Explore spatio-temporal PM2.5 features in northern Taiwan using machine learning techniques

Sci Total Environ. 2020 Sep 20:736:139656. doi: 10.1016/j.scitotenv.2020.139656. Epub 2020 May 23.

Abstract

The complex mixtures of local emission sources and regional transportations of air pollutants make accurate PM2.5 prediction a very challenging yet crucial task, especially under high pollution conditions. A symbolic representation of spatio-temporal PM2.5 features is the key to effective air pollution regulatory plans that notify the public to take necessary precautions against air pollution. The self-organizing map (SOM) can cluster high-dimensional datasets to form a meaningful topological map. This study implements the SOM to effectively extract and clearly distinguish the spatio-temporal features of long-term regional PM2.5 concentrations in a visible two-dimensional topological map. The spatial distribution of the configured topological map spans the long-term datasets of 25 monitoring stations in northern Taiwan using the Kriging method, and the temporal behavior of PM2.5 concentrations at various time scales (i.e., yearly, seasonal, and hourly) are explored in detail. Finally, we establish a machine learning model to predict PM2.5 concentrations for high pollution events.
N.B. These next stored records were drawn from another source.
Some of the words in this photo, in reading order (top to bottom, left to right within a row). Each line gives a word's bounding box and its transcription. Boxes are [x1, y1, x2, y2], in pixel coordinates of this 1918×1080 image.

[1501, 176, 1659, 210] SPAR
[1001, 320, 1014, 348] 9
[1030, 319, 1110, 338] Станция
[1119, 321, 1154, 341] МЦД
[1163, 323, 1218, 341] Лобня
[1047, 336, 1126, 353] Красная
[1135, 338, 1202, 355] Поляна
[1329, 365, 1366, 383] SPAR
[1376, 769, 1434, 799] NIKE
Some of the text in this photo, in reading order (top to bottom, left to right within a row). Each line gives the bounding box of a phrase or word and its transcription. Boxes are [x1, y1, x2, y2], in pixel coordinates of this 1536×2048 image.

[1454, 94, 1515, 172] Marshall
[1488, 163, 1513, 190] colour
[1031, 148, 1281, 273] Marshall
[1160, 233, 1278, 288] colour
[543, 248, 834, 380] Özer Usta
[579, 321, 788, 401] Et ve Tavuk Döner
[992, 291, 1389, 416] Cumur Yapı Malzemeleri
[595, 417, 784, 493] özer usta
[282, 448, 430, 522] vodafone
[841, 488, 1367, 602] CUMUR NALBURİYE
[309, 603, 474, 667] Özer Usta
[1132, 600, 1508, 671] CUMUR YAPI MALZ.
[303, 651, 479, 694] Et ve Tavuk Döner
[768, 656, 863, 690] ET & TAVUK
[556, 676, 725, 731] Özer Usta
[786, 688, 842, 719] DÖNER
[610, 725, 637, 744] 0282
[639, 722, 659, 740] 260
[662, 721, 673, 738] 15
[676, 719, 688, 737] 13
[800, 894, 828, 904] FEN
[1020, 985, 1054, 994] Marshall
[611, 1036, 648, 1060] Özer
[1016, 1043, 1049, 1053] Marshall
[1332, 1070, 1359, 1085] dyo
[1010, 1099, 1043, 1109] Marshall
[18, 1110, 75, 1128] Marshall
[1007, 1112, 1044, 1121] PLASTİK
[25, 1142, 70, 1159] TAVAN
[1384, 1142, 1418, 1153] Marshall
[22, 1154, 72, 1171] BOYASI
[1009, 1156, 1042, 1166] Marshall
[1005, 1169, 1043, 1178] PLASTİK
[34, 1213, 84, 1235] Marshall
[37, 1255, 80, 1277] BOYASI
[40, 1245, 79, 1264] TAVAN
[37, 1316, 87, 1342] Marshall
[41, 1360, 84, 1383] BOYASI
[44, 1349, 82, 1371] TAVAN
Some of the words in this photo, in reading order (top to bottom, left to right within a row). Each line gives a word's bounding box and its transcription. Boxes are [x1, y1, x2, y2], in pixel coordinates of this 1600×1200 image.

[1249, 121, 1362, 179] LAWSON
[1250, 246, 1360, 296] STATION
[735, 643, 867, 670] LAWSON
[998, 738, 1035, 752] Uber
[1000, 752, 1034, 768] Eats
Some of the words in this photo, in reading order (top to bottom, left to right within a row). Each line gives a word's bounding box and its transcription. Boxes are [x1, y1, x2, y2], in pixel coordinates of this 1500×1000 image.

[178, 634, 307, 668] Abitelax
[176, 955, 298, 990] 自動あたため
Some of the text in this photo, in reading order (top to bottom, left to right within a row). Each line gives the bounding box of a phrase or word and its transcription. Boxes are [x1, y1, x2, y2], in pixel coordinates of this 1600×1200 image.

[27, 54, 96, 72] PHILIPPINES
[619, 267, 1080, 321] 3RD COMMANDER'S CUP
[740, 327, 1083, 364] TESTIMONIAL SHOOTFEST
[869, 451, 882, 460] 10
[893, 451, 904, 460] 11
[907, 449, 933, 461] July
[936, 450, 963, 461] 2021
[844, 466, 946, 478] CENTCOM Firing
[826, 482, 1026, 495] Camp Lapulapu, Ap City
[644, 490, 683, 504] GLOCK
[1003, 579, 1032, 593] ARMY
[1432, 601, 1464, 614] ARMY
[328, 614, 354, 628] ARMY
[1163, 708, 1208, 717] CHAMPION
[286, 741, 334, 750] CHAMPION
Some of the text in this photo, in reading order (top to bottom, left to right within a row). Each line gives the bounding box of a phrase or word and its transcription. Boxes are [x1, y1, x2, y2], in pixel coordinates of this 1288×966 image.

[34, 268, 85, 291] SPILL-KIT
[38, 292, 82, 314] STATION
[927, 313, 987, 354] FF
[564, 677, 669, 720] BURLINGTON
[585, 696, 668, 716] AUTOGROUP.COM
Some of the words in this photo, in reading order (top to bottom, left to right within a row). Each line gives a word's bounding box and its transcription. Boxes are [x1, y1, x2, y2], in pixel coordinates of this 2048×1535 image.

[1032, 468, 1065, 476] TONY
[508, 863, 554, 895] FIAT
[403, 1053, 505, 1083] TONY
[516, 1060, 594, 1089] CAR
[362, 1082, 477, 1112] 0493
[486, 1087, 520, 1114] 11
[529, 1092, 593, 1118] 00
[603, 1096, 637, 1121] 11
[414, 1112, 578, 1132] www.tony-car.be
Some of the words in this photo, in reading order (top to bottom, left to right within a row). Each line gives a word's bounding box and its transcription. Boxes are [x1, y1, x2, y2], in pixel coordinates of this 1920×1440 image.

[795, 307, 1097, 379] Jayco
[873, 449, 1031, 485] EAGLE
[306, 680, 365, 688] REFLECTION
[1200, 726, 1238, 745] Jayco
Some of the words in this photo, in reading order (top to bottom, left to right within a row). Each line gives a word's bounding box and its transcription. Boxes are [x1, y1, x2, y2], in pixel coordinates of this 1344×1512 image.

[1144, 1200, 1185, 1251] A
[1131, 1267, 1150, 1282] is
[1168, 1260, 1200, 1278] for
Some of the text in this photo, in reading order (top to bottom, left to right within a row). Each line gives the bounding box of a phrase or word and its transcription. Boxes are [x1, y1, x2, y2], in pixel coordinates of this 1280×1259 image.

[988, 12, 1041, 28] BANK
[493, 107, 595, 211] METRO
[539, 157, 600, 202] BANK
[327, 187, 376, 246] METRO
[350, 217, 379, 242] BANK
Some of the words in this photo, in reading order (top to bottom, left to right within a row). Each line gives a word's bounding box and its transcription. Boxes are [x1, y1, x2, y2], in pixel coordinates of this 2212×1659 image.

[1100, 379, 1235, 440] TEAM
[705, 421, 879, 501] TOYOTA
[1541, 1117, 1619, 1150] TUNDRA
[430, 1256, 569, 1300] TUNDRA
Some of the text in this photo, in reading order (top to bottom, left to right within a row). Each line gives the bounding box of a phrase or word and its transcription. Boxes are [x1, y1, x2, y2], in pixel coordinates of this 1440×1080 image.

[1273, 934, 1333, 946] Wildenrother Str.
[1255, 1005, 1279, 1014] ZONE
The analytical results indicate that: (1) high population density and heavy traffic load correspond to high PM2.5 concentrations; (2) the change of seasons brings obvious effects on PM2.5 concentration variation; and (3) the key input variables of the prediction model identified by the Gamma Test can improve model's reliability and accuracy for multi-step-ahead PM2.5 prediction. The results demonstrated that machine learning techniques can skillfully summarize and visibly present the clusted spatio-temporal PM2.5 features as well as improve air quality prediction accuracy.

Keywords: Back propagation neural network (BPNN); Gamma Test; Multi-step-ahead prediction; PM2.5; Self-organizing map (SOM); Spatio-temporal variation.